DATA SUPPLIED Block Start

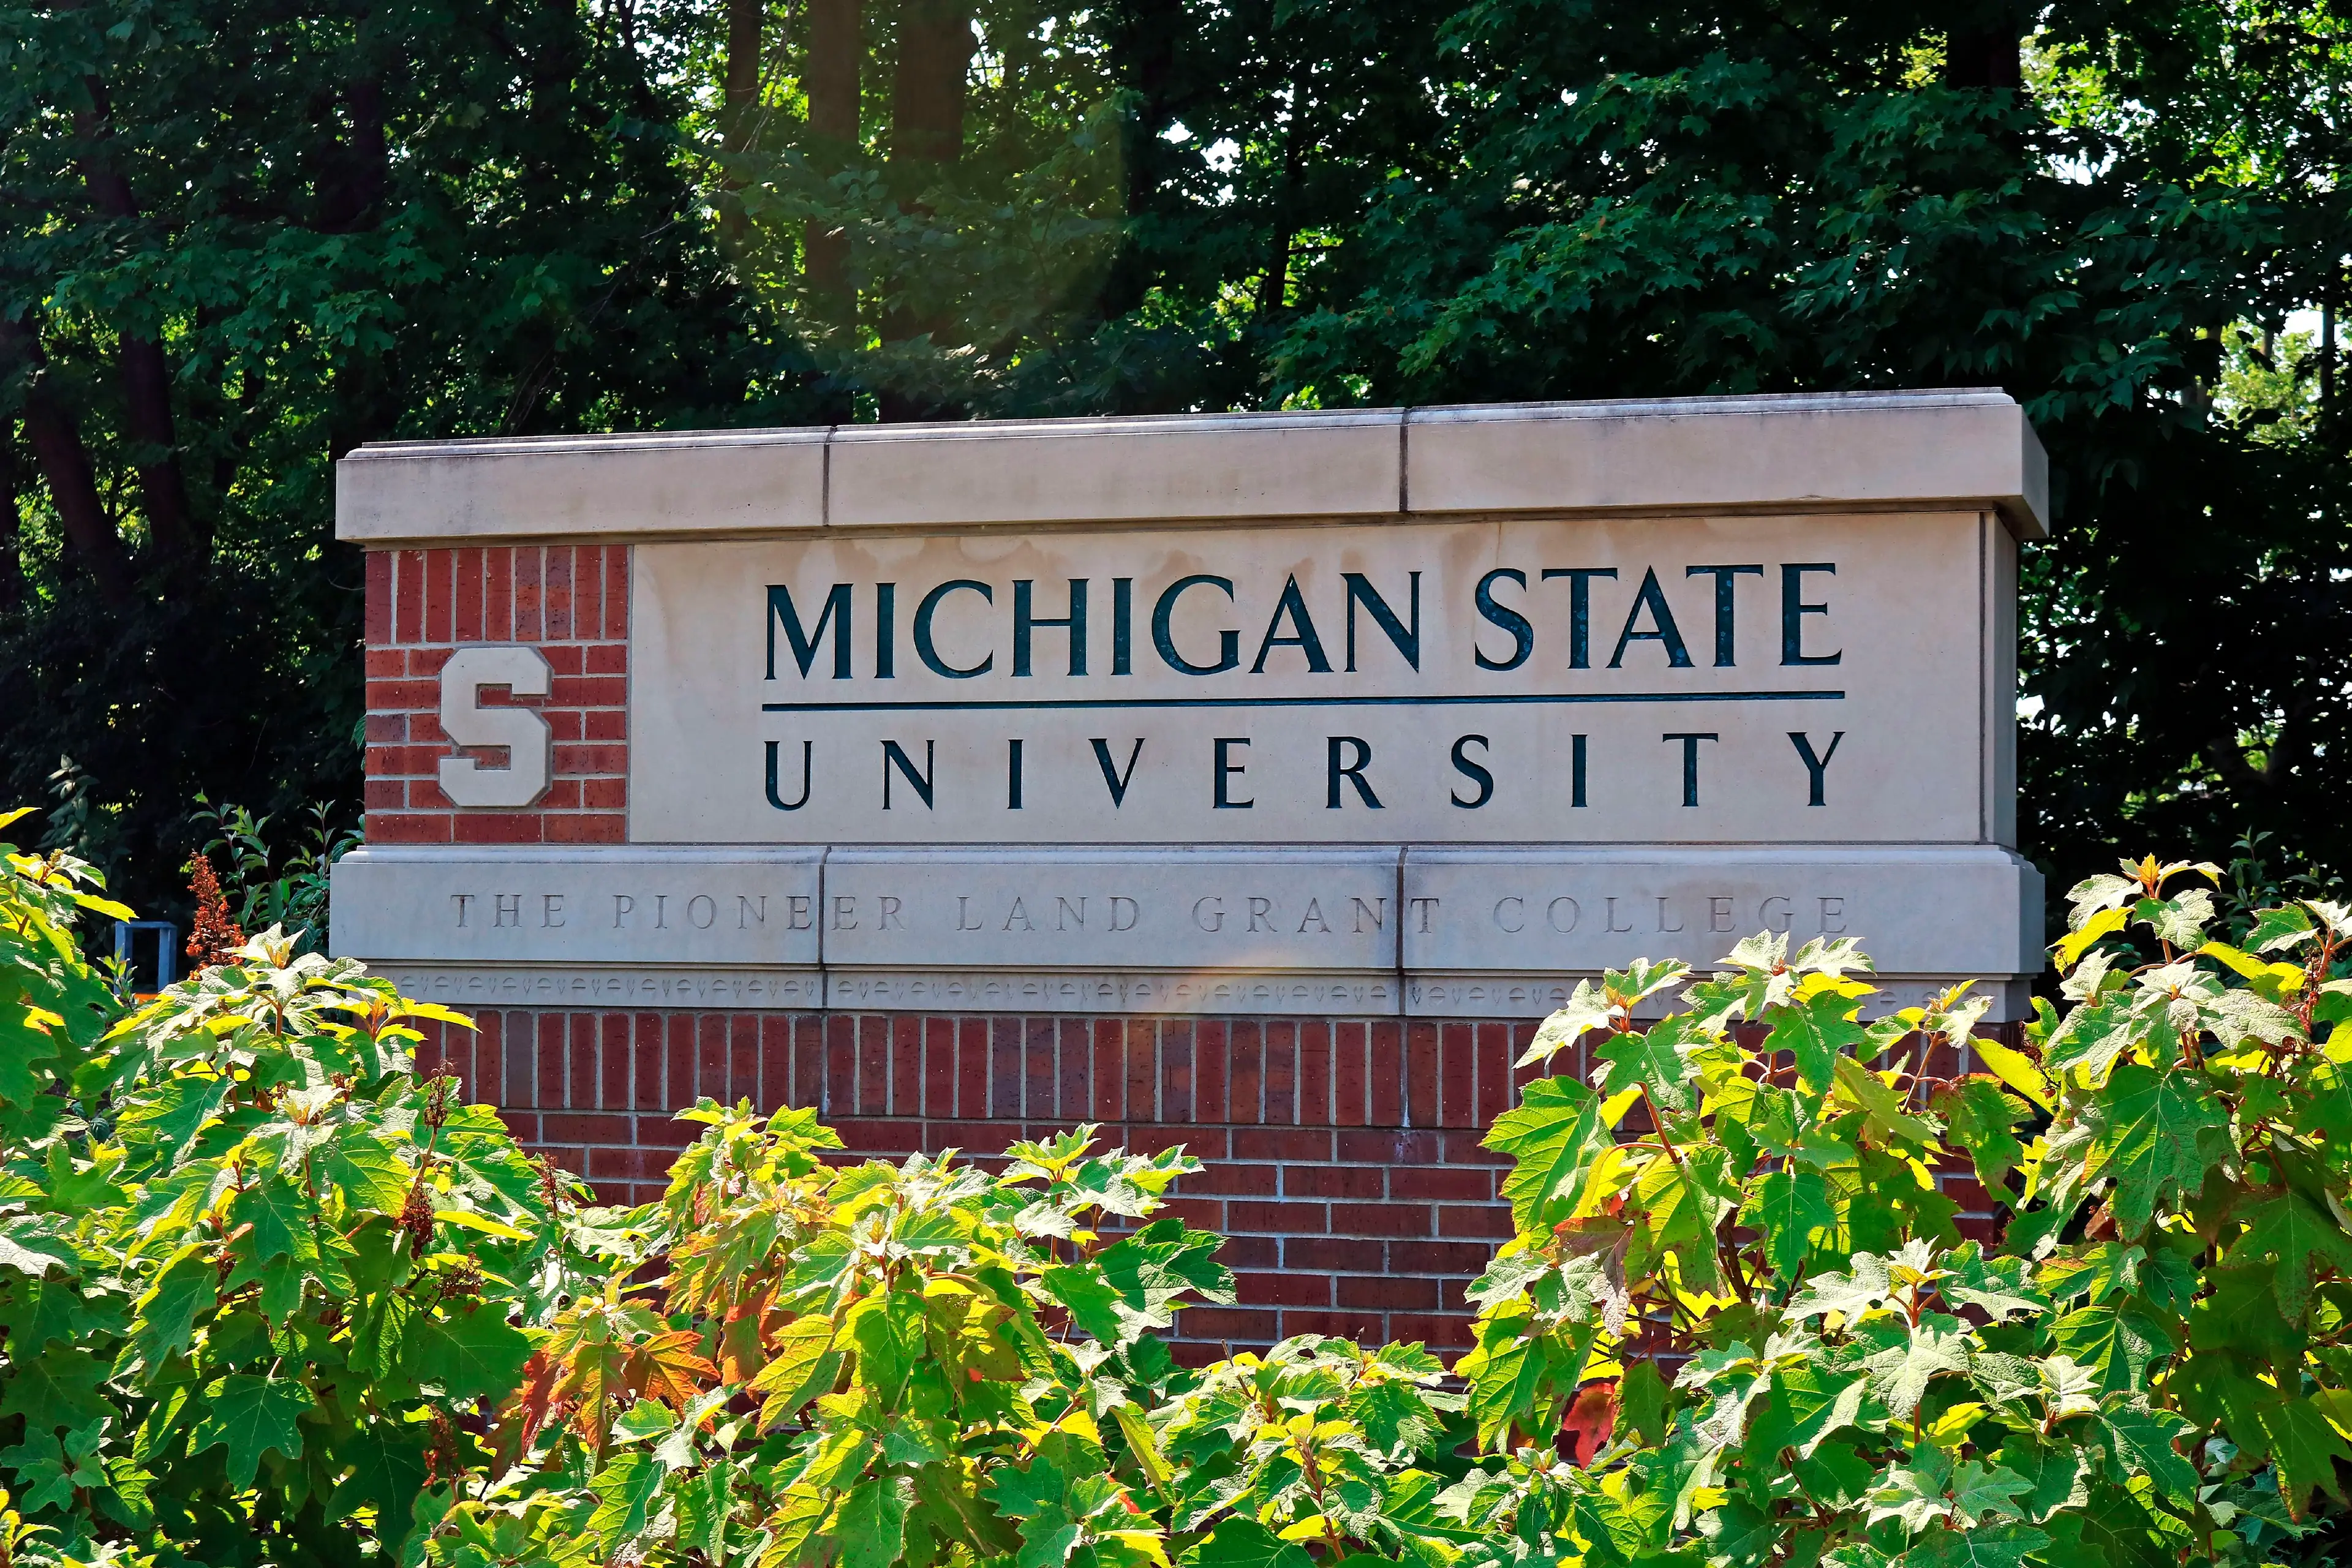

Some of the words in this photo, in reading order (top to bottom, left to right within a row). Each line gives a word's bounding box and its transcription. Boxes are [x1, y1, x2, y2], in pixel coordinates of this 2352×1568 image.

[763, 571, 1423, 680] MICHIGAN
[1474, 562, 1842, 671] STATE
[439, 647, 552, 807] S
[764, 731, 1846, 812] UNIVERSITY
[450, 894, 565, 928] THE
[613, 894, 907, 932] PIONEER
[956, 895, 1141, 932] LAND
[1191, 895, 1439, 934] GRANT
[1493, 896, 1847, 933] COLLEGE

DATA SUPPLIED Block End

PROBLEM — Return the records above verbatim, images excluded.

RESULT FOR THIS TASK —
Some of the words in this photo, in reading order (top to bottom, left to right within a row). Each line gives a word's bounding box and its transcription. Boxes are [x1, y1, x2, y2], in pixel coordinates of this 2352×1568 image.

[763, 571, 1423, 680] MICHIGAN
[1474, 562, 1842, 671] STATE
[439, 647, 552, 807] S
[764, 731, 1846, 812] UNIVERSITY
[450, 894, 565, 928] THE
[613, 894, 907, 932] PIONEER
[956, 895, 1141, 932] LAND
[1191, 895, 1439, 934] GRANT
[1493, 896, 1847, 933] COLLEGE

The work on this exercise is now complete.